Der Mensch als Elternfigur
    Wir erinnern uns: Die Dominanztheorie geht davon aus, dass Hunde analog zu Wölfen in hierarchischen Beziehungsstrukturen leben und innerhalb dieser Rangordnung an die Spitze streben. Durch das Einhalten bestimmter Regeln (zum Beispiel: Hund darf nicht auf erhöhte Plätze) soll der Mensch klarstellen, dass er die höchste Rangposition innehat, und damit Probleme im Zusammenleben verhindern. Leben zwei oder mehr Hunde gemeinsam in der Familie, so wird auch zwischen diesen eine Rangordnung angenommen: „Unsere Senta ist ganz klar die Chefin im Rudel.“ Selbst Hundehalter, die schon nicht mehr daran glauben, dass der Mensch das „Alphatier“ spielen muss, meinen häufig zumindest unter ihren Vierbeinern eine Rangordnung zu erkennen. 

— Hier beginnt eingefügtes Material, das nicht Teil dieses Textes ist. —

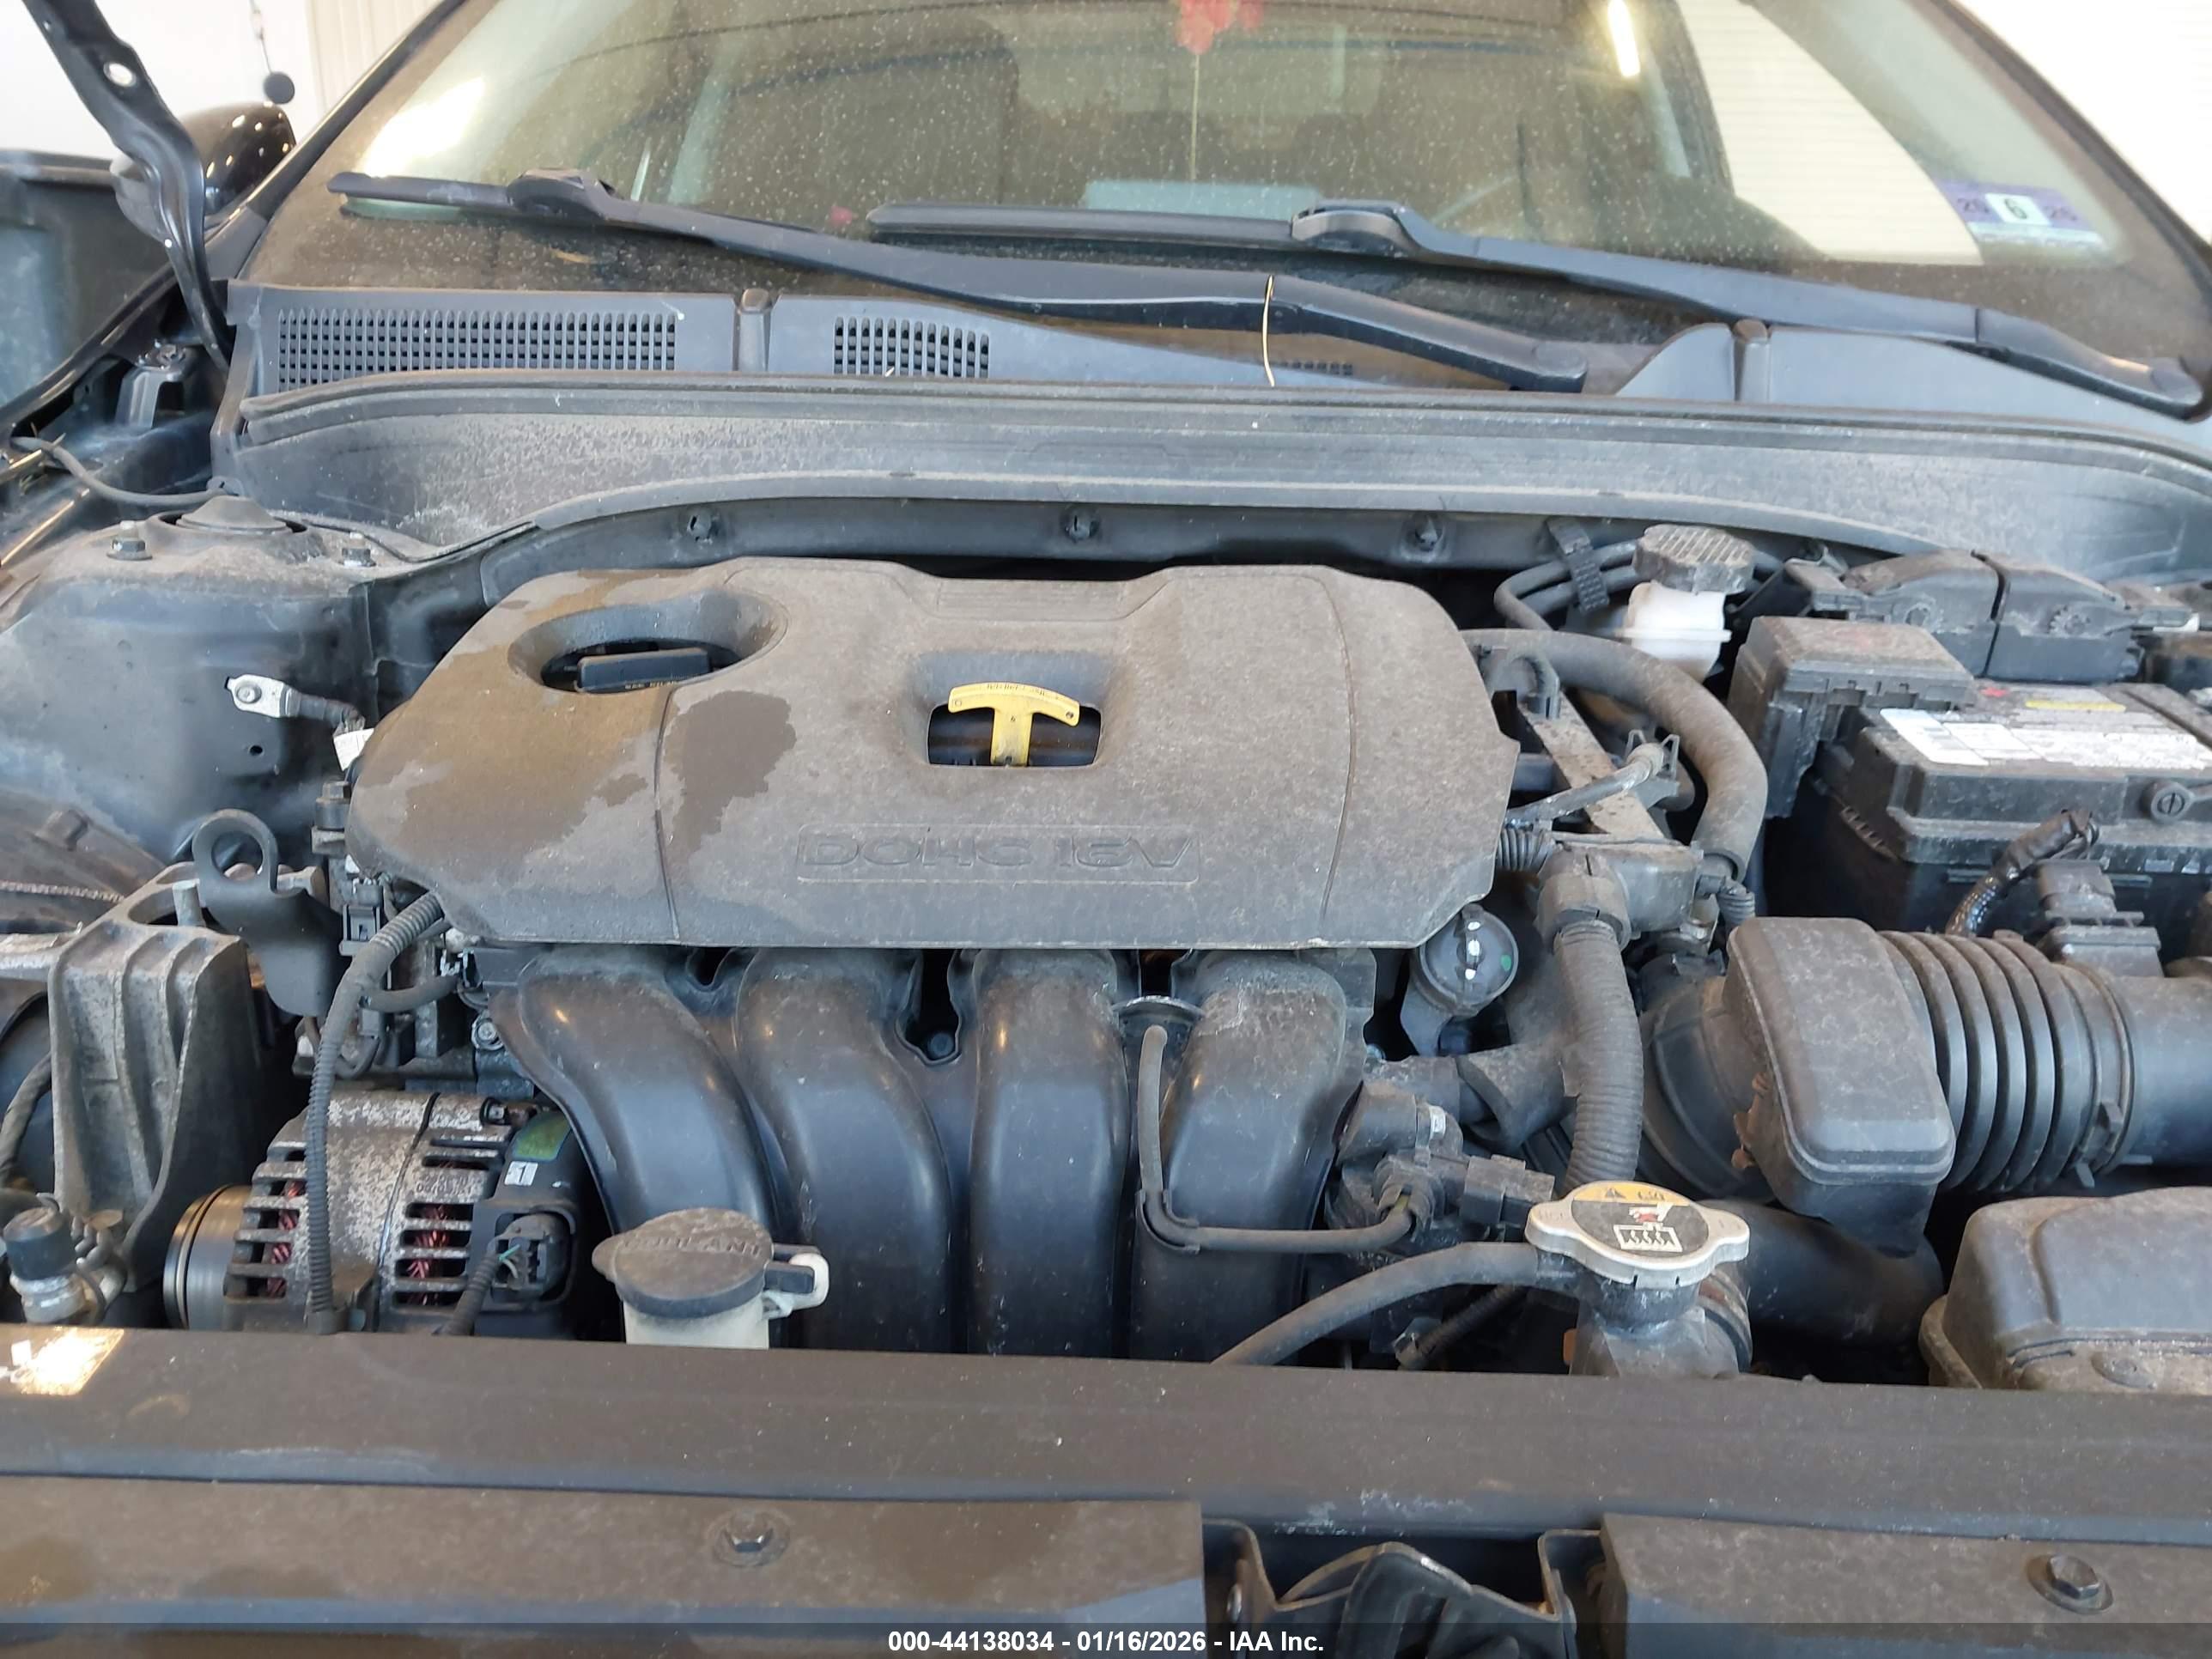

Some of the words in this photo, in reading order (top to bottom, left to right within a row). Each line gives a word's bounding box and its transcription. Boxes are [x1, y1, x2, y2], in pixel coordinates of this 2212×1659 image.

[2003, 198, 2028, 220] 6
[802, 835, 1032, 868] DOHC
[1054, 835, 1194, 869] 16V
[515, 1161, 527, 1183] 1
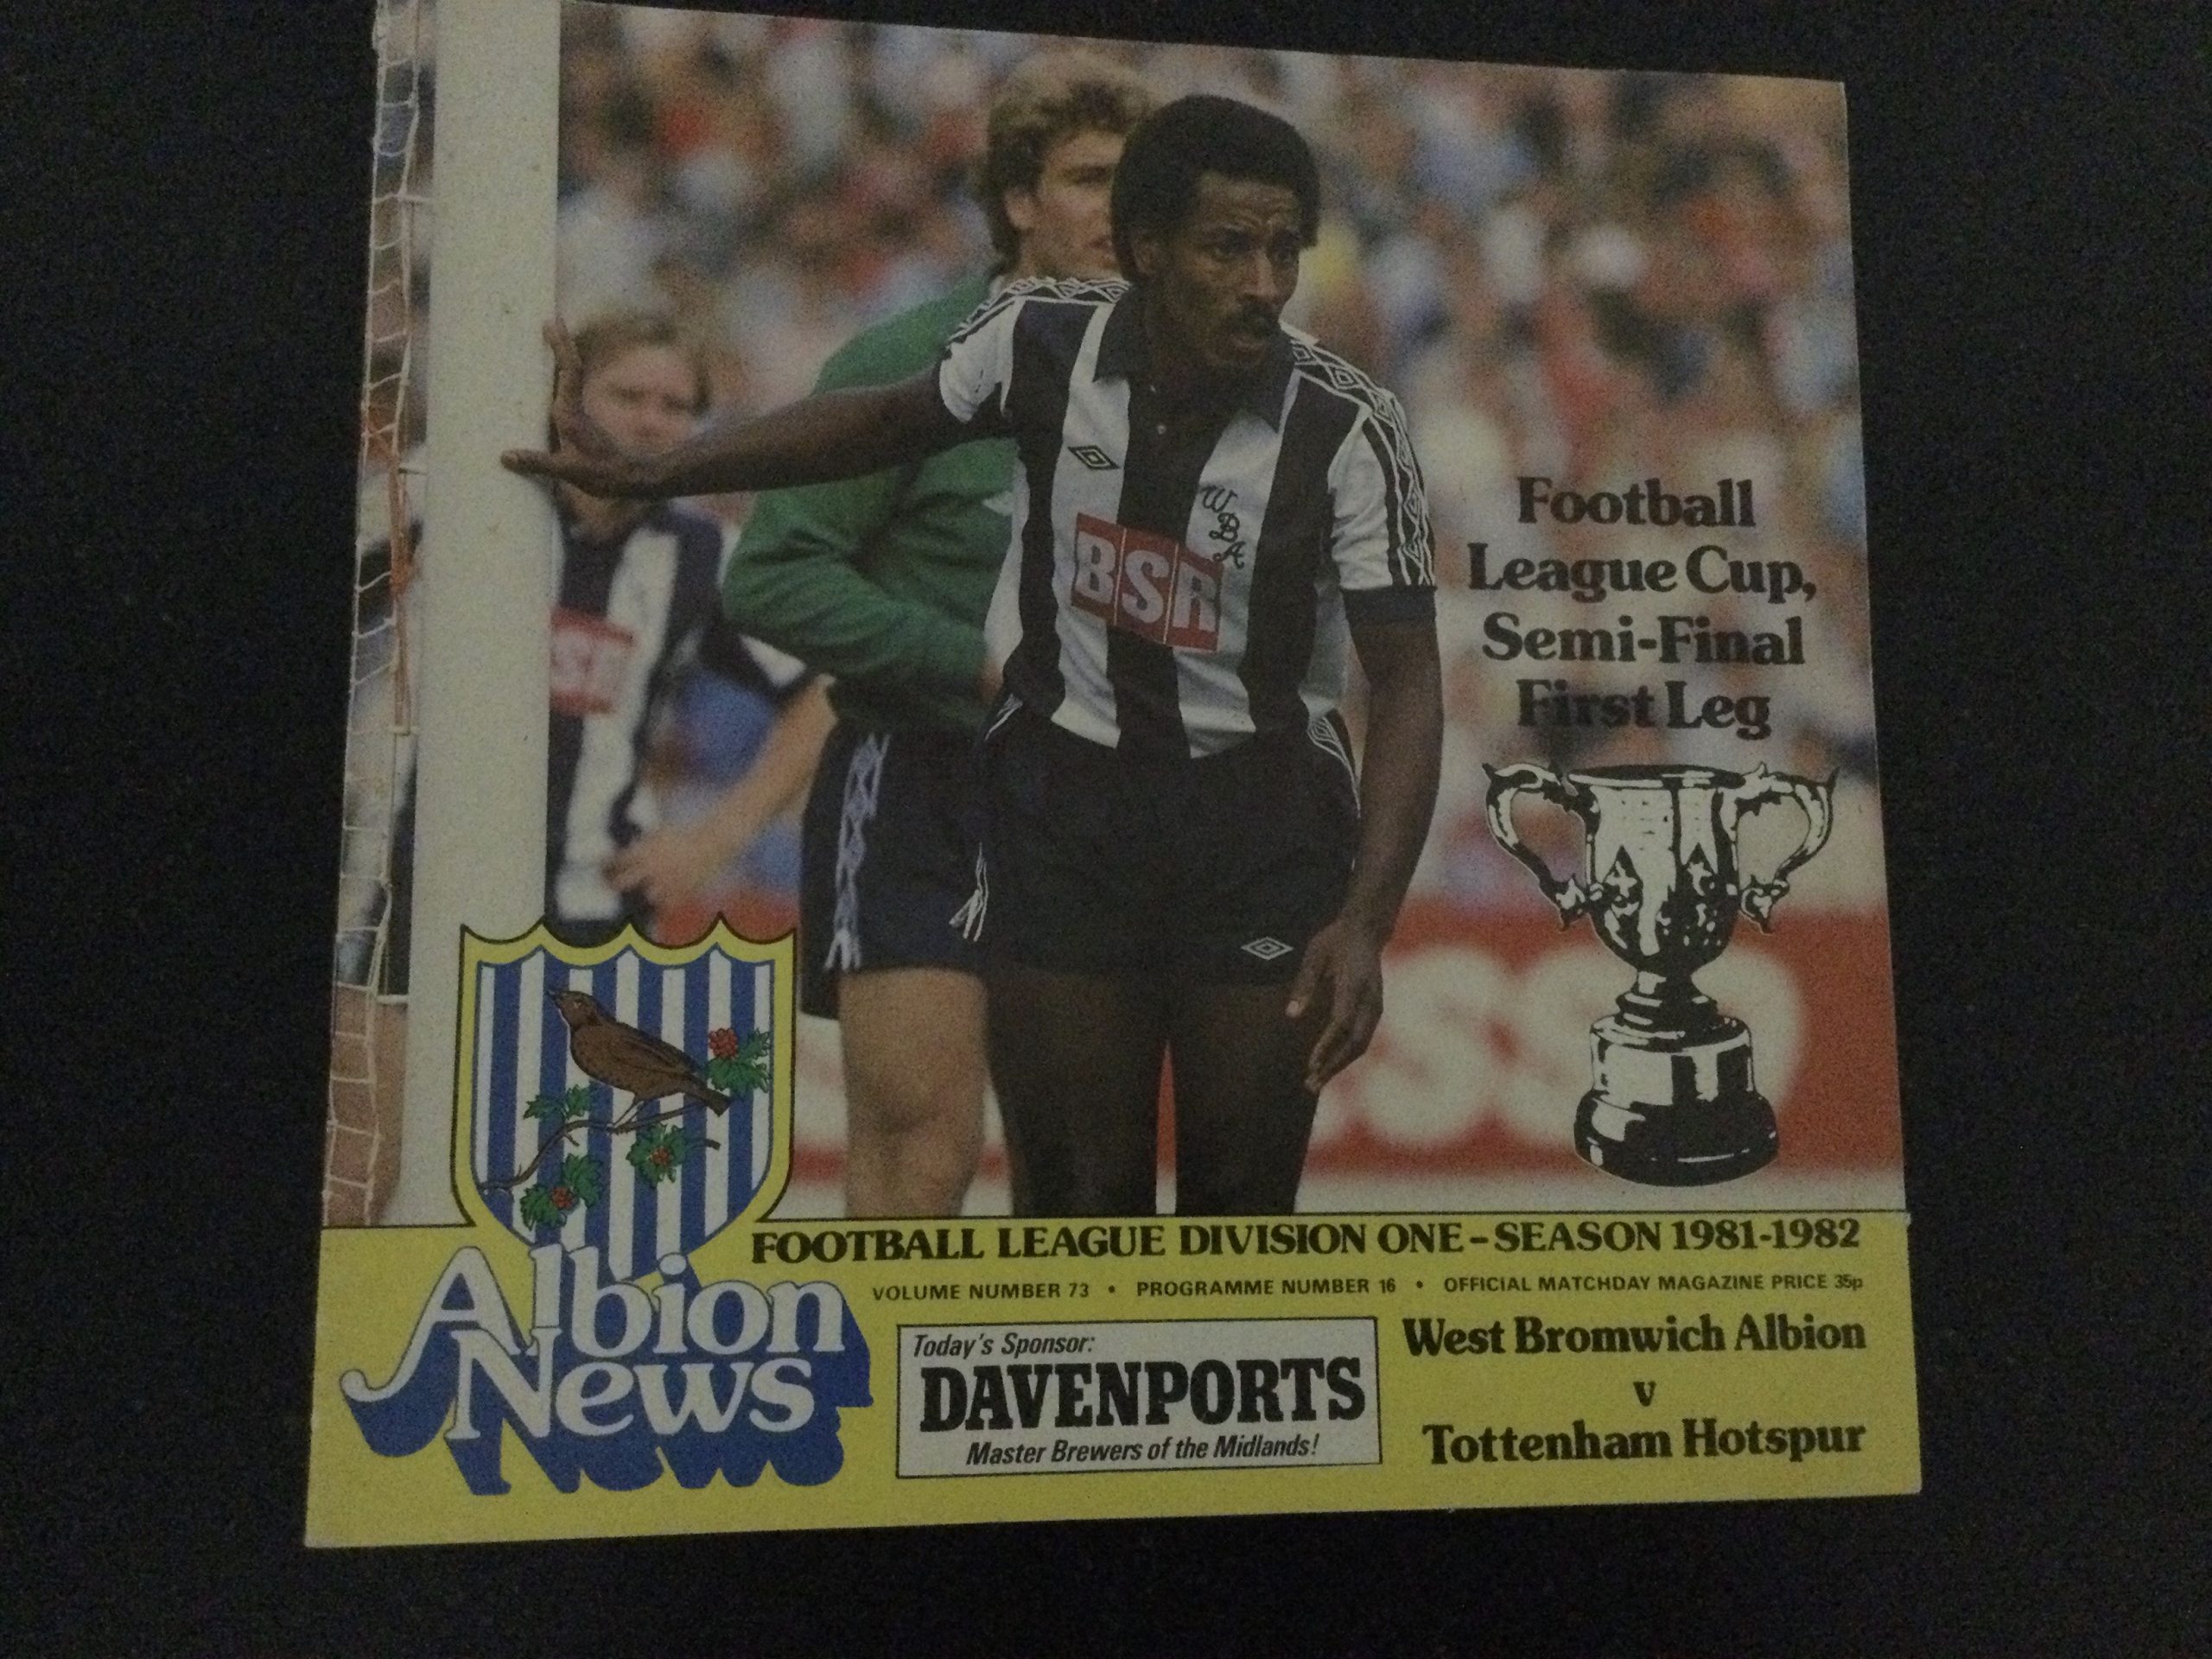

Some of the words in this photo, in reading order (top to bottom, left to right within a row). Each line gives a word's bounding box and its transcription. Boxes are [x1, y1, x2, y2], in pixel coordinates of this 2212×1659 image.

    Es hilft, sich die Dominanztheorie als eine Brille vorzustellen. Glaubt ein Hundebesitzer an diese Theorie, ist seine Brille immer gefärbt, und er wird das Verhalten, das er bei seinen Hunden beobachtet, entsprechend interpretieren. Wir plädieren dafür, die Brille komplett abzulegen, um für eine neue Sichtweise offen zu sein. Wenn man die Brille nur gegen eine andere tauscht, die statt von „Rangordnung“ nun von „Führerschaft“ spricht, ändert sich wenig an der Interpretation des Hundeverhaltens und der eigenen Rolle. Die scheinbar modernen Beziehungsmodelle vermeiden zwar oft den Begriff „Dominanz“, meinen aber das Gleiche. Immer wenn es darum geht, die Autorität des Menschen gegenüber dem Hund zu sichern, um zu verhindern, dass dieser „die Kontrolle übernimmt“, ist die Sicht gefärbt.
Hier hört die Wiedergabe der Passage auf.